Transcribe exactly the lines from the one holding "Some of the text" to the end of the data below, including both of those lines and no others.

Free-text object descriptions
☆ ☆ ☆
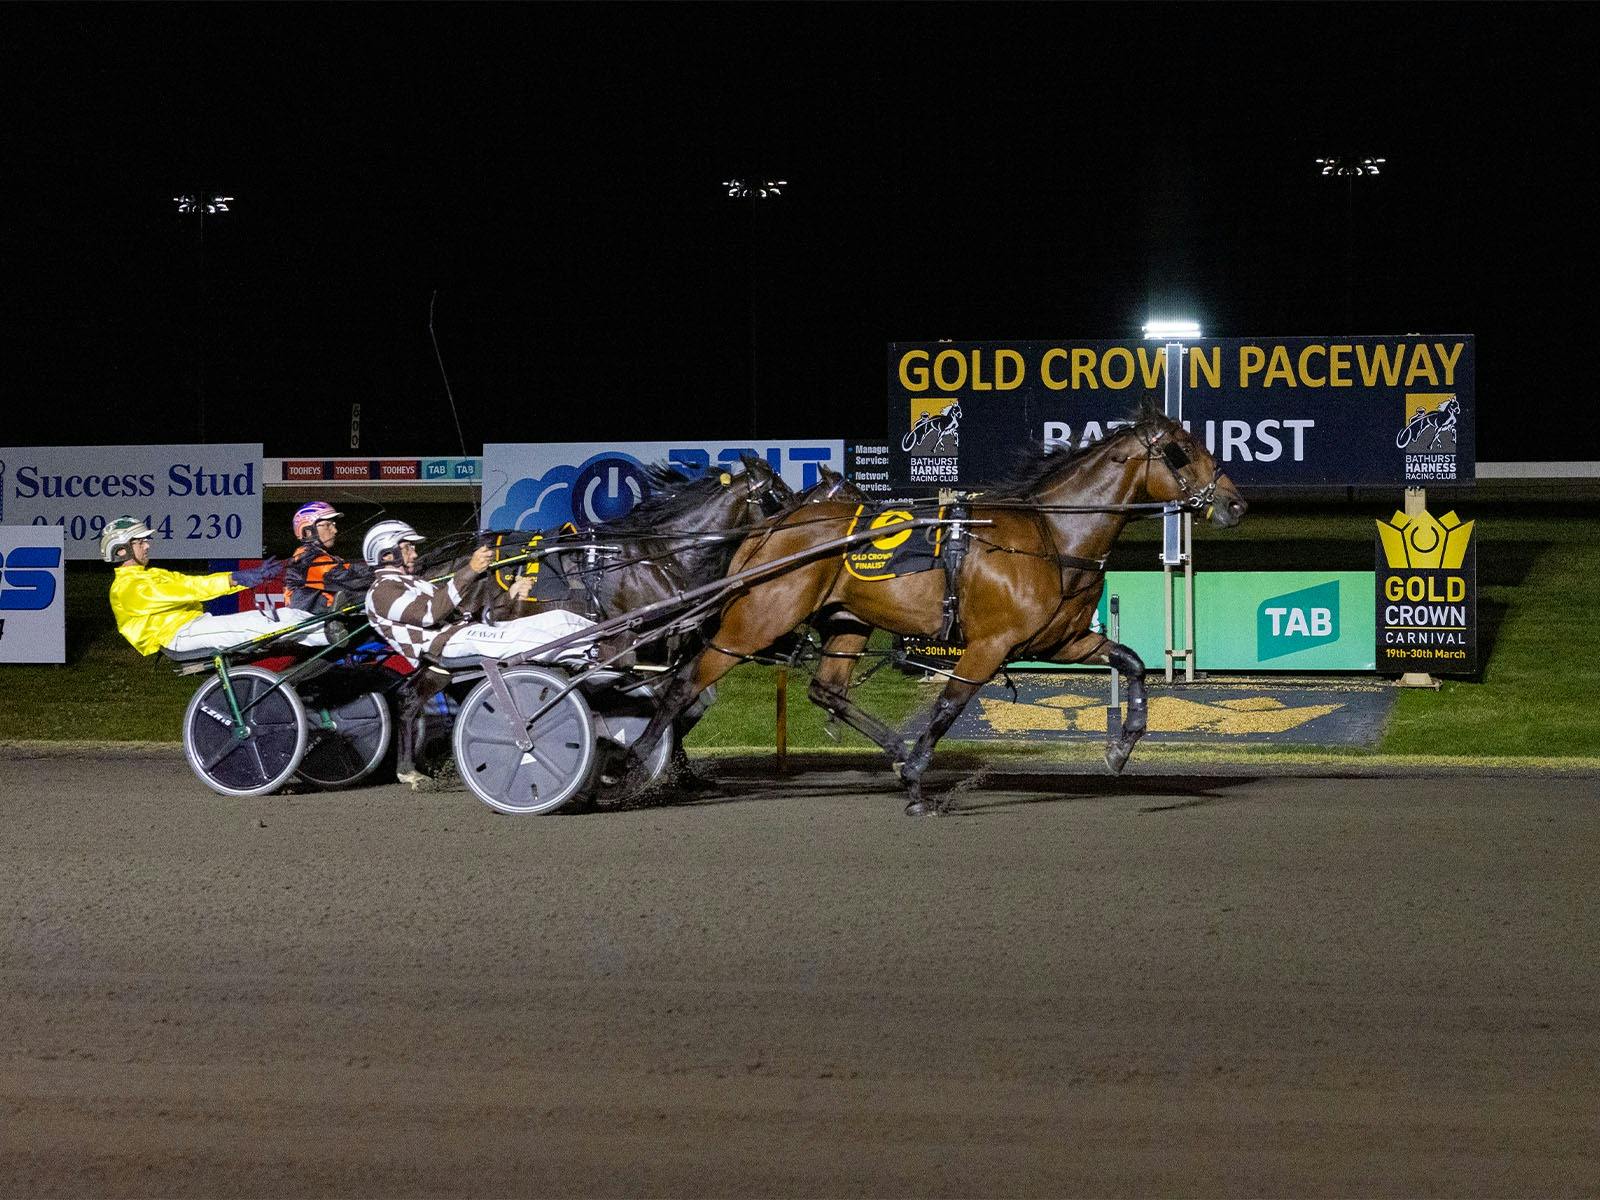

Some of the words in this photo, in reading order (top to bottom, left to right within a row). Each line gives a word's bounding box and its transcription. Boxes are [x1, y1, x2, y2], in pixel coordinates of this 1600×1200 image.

[899, 348, 1025, 391] GOLD
[1040, 347, 1221, 390] CROWN
[1240, 343, 1465, 389] PACEWAY
[1044, 419, 1315, 462] BAURST
[911, 457, 959, 466] BATHURST
[1405, 454, 1457, 463] BATHURST
[289, 466, 321, 475] TOOHEYS
[335, 466, 368, 475] TOOHEYS
[381, 465, 415, 475] TOOHEYS
[428, 465, 446, 474] TAB
[456, 465, 474, 474] TAB
[911, 466, 959, 475] HARNESS
[1405, 463, 1457, 473] HARNESS
[16, 465, 155, 499] Success
[168, 462, 256, 497] Stud
[32, 514, 107, 541] 09
[186, 513, 242, 540] 230
[1385, 576, 1466, 602] GOLD
[1385, 605, 1466, 626] CROWN
[1264, 607, 1333, 636] TAB
[1385, 632, 1466, 644] CARNIVAL
[906, 646, 946, 655] -30th
[948, 646, 967, 656] Mar
[1385, 648, 1432, 658] 19th-30th
[1434, 649, 1466, 659] March
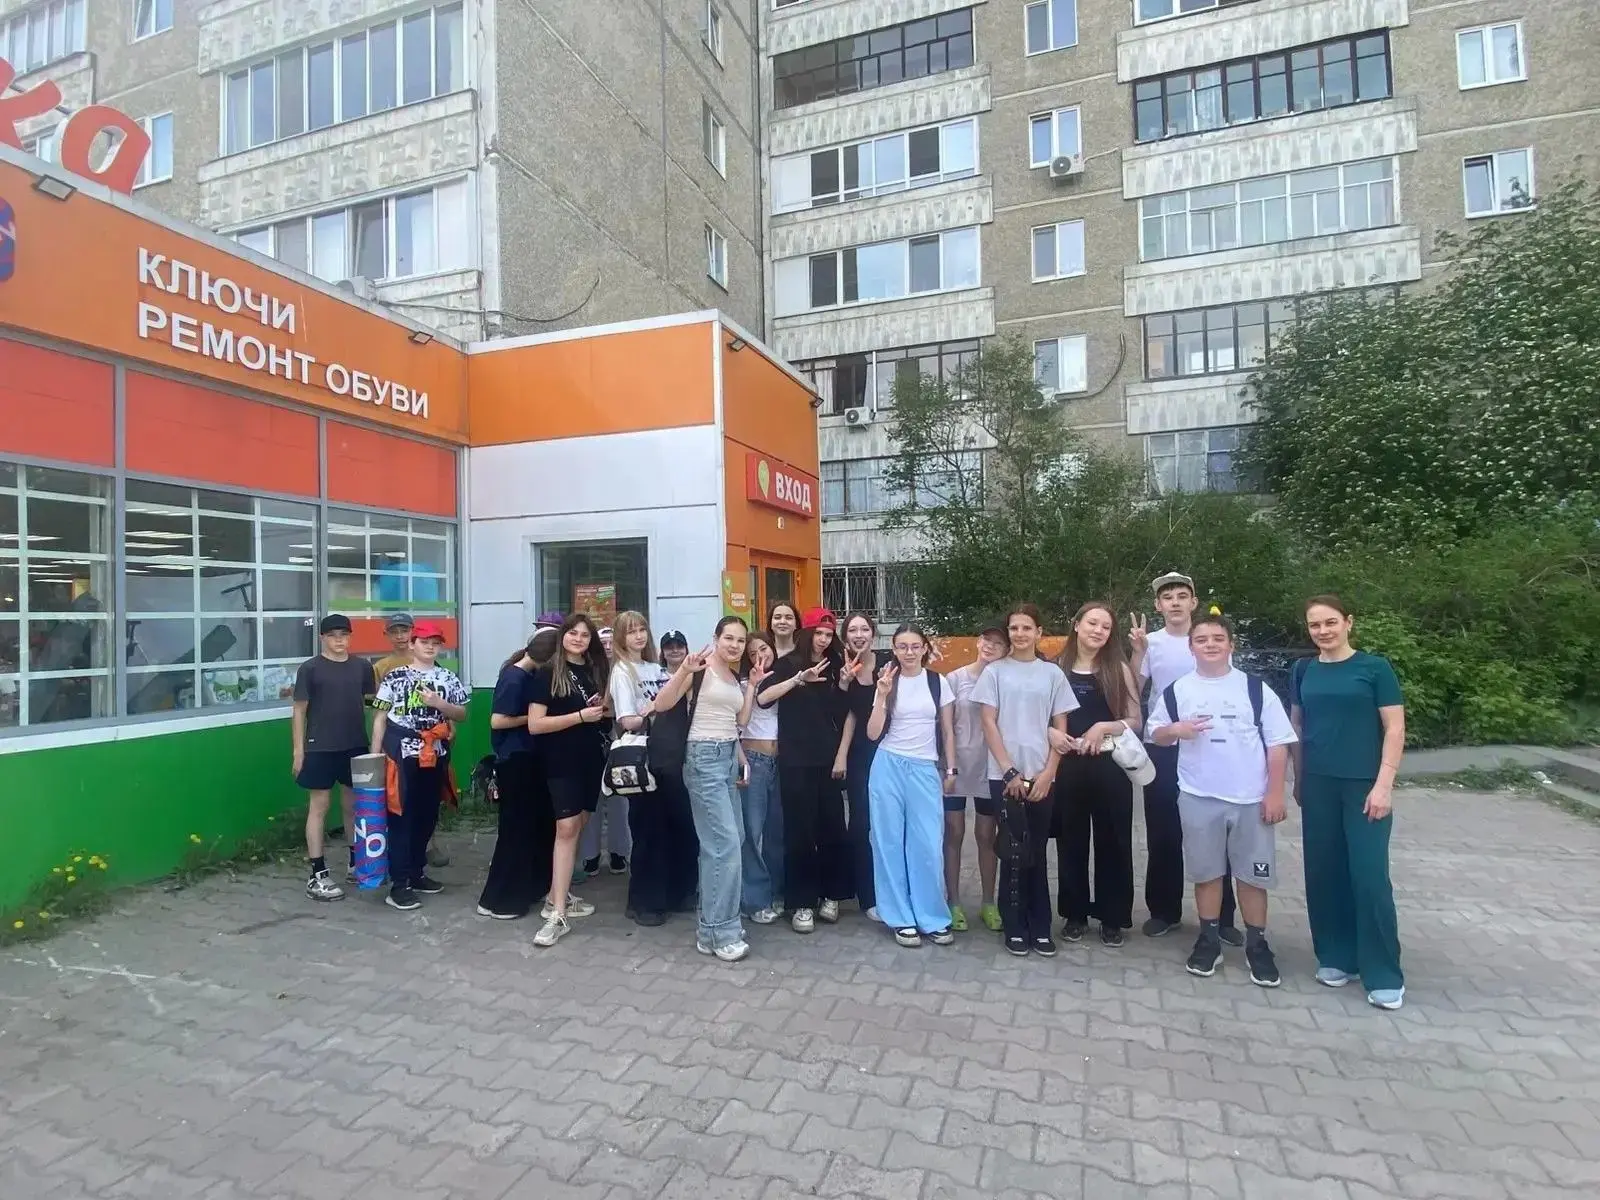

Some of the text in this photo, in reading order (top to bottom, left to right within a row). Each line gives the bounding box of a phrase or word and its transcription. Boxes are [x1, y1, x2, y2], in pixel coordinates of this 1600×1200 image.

[138, 247, 295, 334] КЛЮЧИ
[138, 301, 428, 419] РЕМОНТ ОБУВИ
[775, 471, 812, 513] ВХОД
☆ ☆ ☆
Task solution:
Some of the text in this photo, in reading order (top to bottom, left to right within a row). Each line gives the bounding box of a phrase or word and its transcription. Boxes are [x1, y1, x2, y2], in pixel coordinates of this 1600×1200 image.

[138, 247, 295, 334] КЛЮЧИ
[138, 301, 428, 419] РЕМОНТ ОБУВИ
[775, 471, 812, 513] ВХОД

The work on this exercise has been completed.